Джон замахнулся, боясь, что клинок перевесит и он таки рухнет навзничь, но ничего подобного не произошло. Он что было сил ударил по арке, ожидая, что место удара раскрошится и на него посыплются камни и пыль, но арка осталась цела, равно как и лезвие меча. Жанетта тем временем начала шептать громче, со временем её голос усилился, окреп и внезапный истеричный, безумный крик разорвал пространство и вознёсся в небо, в этот водоворот туч и молний.

Джон невольно запрокинул голову, наблюдая за этим водоворотом: молнии слепили его, ветер хлестал в лицо и едва не сбивал с ног, но он не мог оторваться от той ужасающей красоты, что пылала над его головой. И лишь чей-то оклик вывел его из наваждения.

— Джон!

Сначала он подумал, что это Энни, но голос был не её. Её голос был достаточно низким, а тот, что его позвал, отличался звонкостью и высотой, будто маленький колокольчик. Жанетта тоже его услышала и повернулась на зов одновременно с Джоном.

За ними, в паре шагов от арки, стояла Элет.

Она не была похожа на Элет из снов, разве что из того, первого сна, который приснился Джону после возвращения Жанетты. Выглядела она сейчас так же, как и в последние минуты своей жизни, и даже на подоле серого шерстяного платья виднелись кровавые разводы. Её распущенные русые волосы развевались на шквальном ветру, а во взгляде было столько боли, тревоги и тоски, что Джон не смог долго смотреть ей в глаза.

— Ты всё-таки выбралась, — прошипела Жанетта и осторожно, с явным трудом поднялась с колен. — Ну ничего, теперь ты мне уже никак не помешаешь.

— Элет, зачем ты звала меня сюда? — тут же задал Джон столь волновавший его вопрос. Она так часто снилась ему, так яро уверяла, что он всё делает правильно, что он должен дойти до Конвея и спасти мир, закрыть Врата… Так что же это всё значит? — Зачем ты мне снилась?

Призрачная Элет явно растерялась и замешкалась с ответом.

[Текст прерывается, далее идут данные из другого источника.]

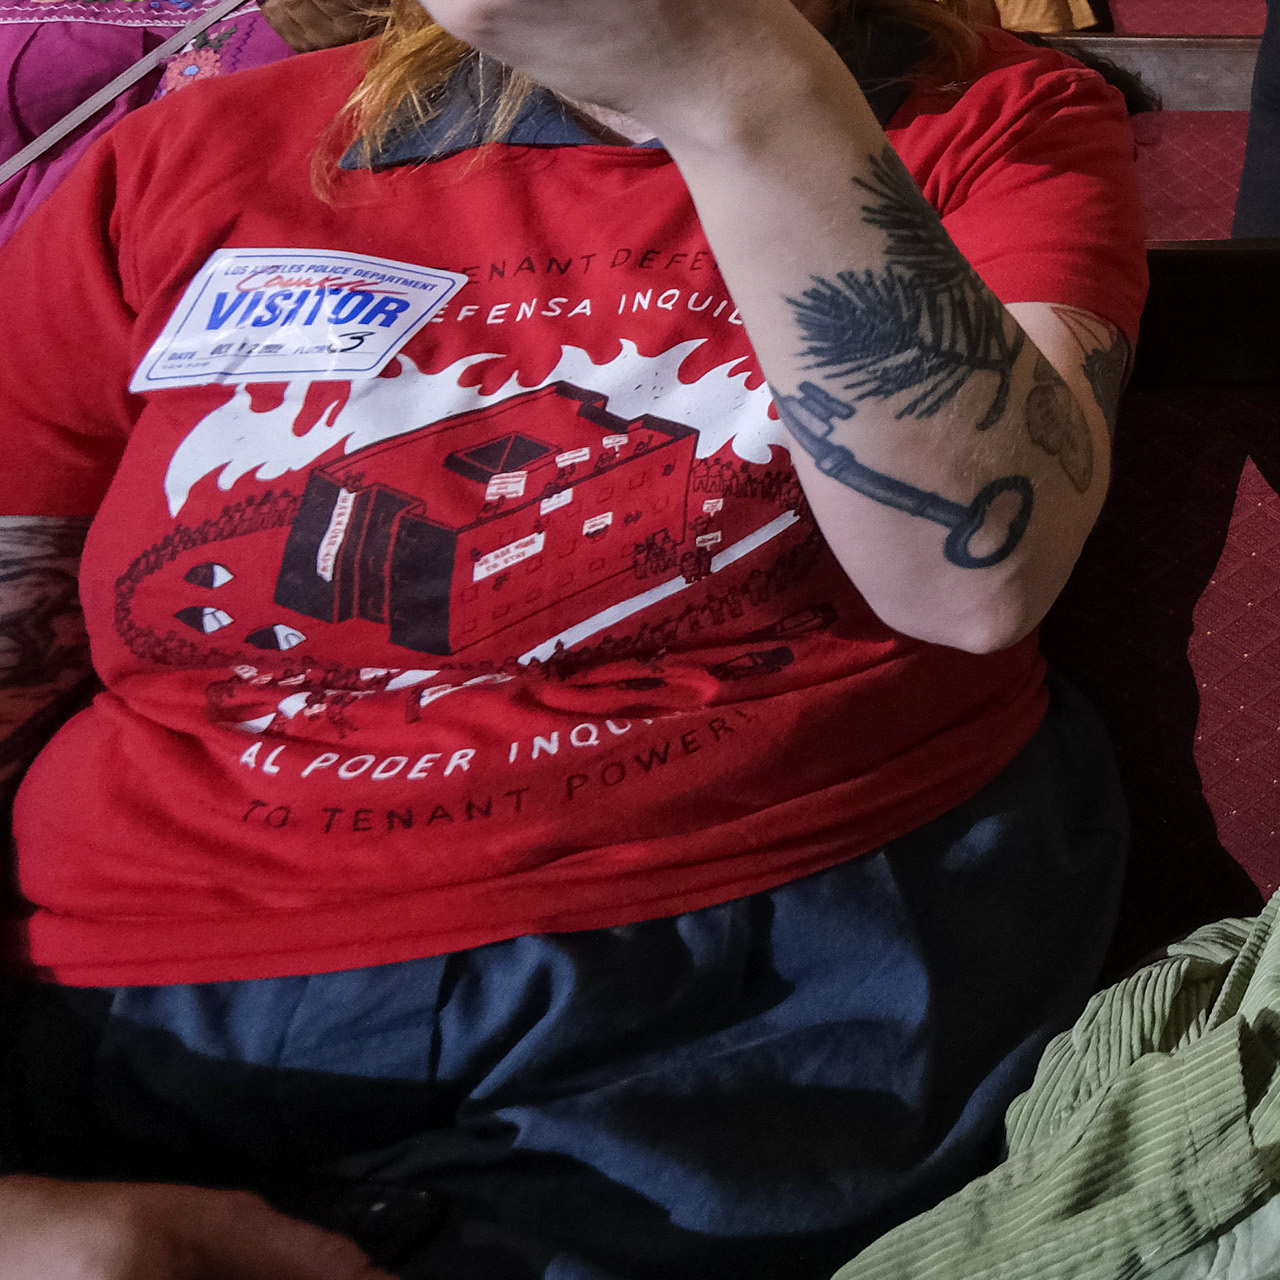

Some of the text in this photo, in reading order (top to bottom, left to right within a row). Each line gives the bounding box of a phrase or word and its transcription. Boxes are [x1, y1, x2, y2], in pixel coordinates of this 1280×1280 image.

— Это не она тебе снилась, — хохотнула Жанетта. — Это я её приводила к тебе во сне, и она невольно заманила тебя в мои сети. Хотя, я думаю, если бы я её попросила — то она бы мне не отказала. Она всегда меня слушала, она была единственным человеком на свете, который всегда меня выслушивал от начала и до конца, — прогремело над Конвеем. Жанетта сделала паузу, а потом заговорила тихо и вкрадчиво: — У меня был ещё один трюк, коронный, хотя я так и не успела его провернуть… Может, после него всякие сомнения покинули бы тебя. Жаль, что не успела… Но было бы замечательно, если бы в одном из снов ты увидел свою возможную семью с ней, — она кивнула на призрак Элет, — и вашим ребёнком.

— Ребёнком? — эхом отозвался Джон.

— А она не сказала тебе? — Ведьма улыбнулась ещё шире, обнажая свои окровавленные зубы, и подошла ближе к нему, изобразив на лице вселенское сострадание. — Она была беременна от тебя. Естественно, плод погиб вместе с ней.

— Это правда? — Пожалуй, он вскрикнул громче, чем ожидал, и Элет даже отпрянула. Кровавые пятна на её платье стали ярче и шире.

— Правда… — тихо отозвалась она.

Джон замер, уже не обращая внимания ни на ветер, ни на гром. Получается, Гилберт оказался причастен к смерти не только его сестры и любимой девушки, не только ребёнка Анны, но и его собственного ребёнка… Жаль, что он умер так легко. Жанетта убила его за ненадобностью, придушив с помощью магии, а вот Джон бы поиздевался над ним вдоволь.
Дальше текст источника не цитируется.